Talvez nem sempre estejamos preparados para essa revelação. Mas metade das decepções que se consagram nesta fase também têm o seu quê de injusto, de hiperbólico. Porque uma boa parte da arte de educar – percebo-o agora – é não nos atravessarmos no caminho. Evidentemente, há-os mais fáceis e mais difíceis, mais lineares e retorcidos. Mas, num cenário em que nós fizéssemos o nosso trabalho de modo exemplar, o mais provável seria vir ao de cima a melhor natureza deles. A natureza pode ser um dilema da mais variada ordem, mas não etimológico. Um menino e uma menina serão sempre, em algum grau, iguais àquilo que de facto são e tiverem de ser. Com uma paternidade de sucesso, sê-lo-ão em grande grau. E, com sorte, isso que eles são e têm de ser é bom.

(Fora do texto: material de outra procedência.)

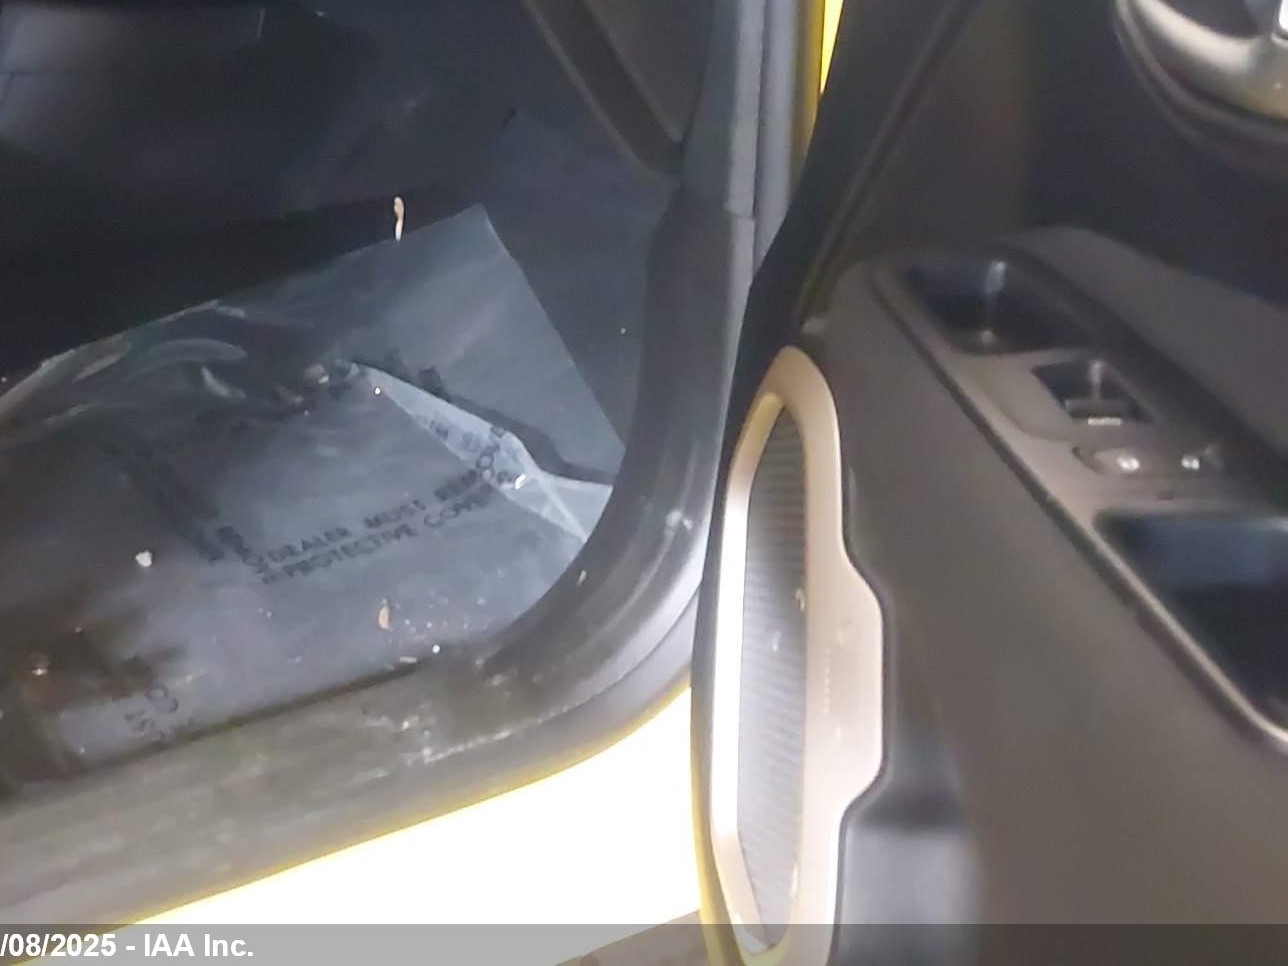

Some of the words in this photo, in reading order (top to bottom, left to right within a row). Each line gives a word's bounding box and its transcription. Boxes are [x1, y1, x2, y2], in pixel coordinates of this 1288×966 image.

[267, 527, 353, 564] DEALER
[363, 499, 426, 528] MUST
[283, 523, 416, 578] PROTECTIVE

Eu sinto que o meu filho é bom. Vejo-o abraçar-nos vezes sem conta ao dia – a nós, ao avô João, à Tia Romana, às assistentes da creche – e quero crer que tem a natureza de um homem bom. Vejo-o sobressaltar-se quando um dos cães guincha lá fora no jardim, ou inquietar-se quando um de nós emite um sinal de angústia ou cansaço extremo, e acredito que tem condições para se tornar uma pessoa compassiva. Vejo-o inventar uma canção a pretexto de tudo e de nada e convenço-me de que pode vir a ser criativo – ouço-o rir a despregadas com uma malandrice que ele próprio simulou para nos divertir e acho que pode ter sentido de humor. Temos sorte com a natureza dele. Temos sorte com ele. Mas a questão, agora, é se ele terá sorte connosco. Se nós vamos realmente conseguir fazer isso que nos propomos: muni-lo de autonomia, persuadi-lo a corrigir os desvios de trajectória, fazê-lo sentir-se amado – e deixá-lo florir.
Isso, sim, é paternidade. O resto, lamento, não passa de progenitura. A progenitura foi relativamente fácil.